The entries below must be copied exactly as they are.

* **Provided material**:
——
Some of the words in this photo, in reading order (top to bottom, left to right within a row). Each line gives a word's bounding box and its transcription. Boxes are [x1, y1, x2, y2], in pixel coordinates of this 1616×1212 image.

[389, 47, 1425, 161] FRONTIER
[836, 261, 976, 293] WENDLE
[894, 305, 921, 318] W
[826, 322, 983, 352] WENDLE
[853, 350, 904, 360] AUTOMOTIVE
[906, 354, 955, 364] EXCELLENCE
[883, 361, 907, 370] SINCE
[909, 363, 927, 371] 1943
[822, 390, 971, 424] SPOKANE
——
* **Result below**:
Some of the words in this photo, in reading order (top to bottom, left to right within a row). Each line gives a word's bounding box and its transcription. Boxes are [x1, y1, x2, y2], in pixel coordinates of this 1616×1212 image.

[389, 47, 1425, 161] FRONTIER
[836, 261, 976, 293] WENDLE
[894, 305, 921, 318] W
[826, 322, 983, 352] WENDLE
[853, 350, 904, 360] AUTOMOTIVE
[906, 354, 955, 364] EXCELLENCE
[883, 361, 907, 370] SINCE
[909, 363, 927, 371] 1943
[822, 390, 971, 424] SPOKANE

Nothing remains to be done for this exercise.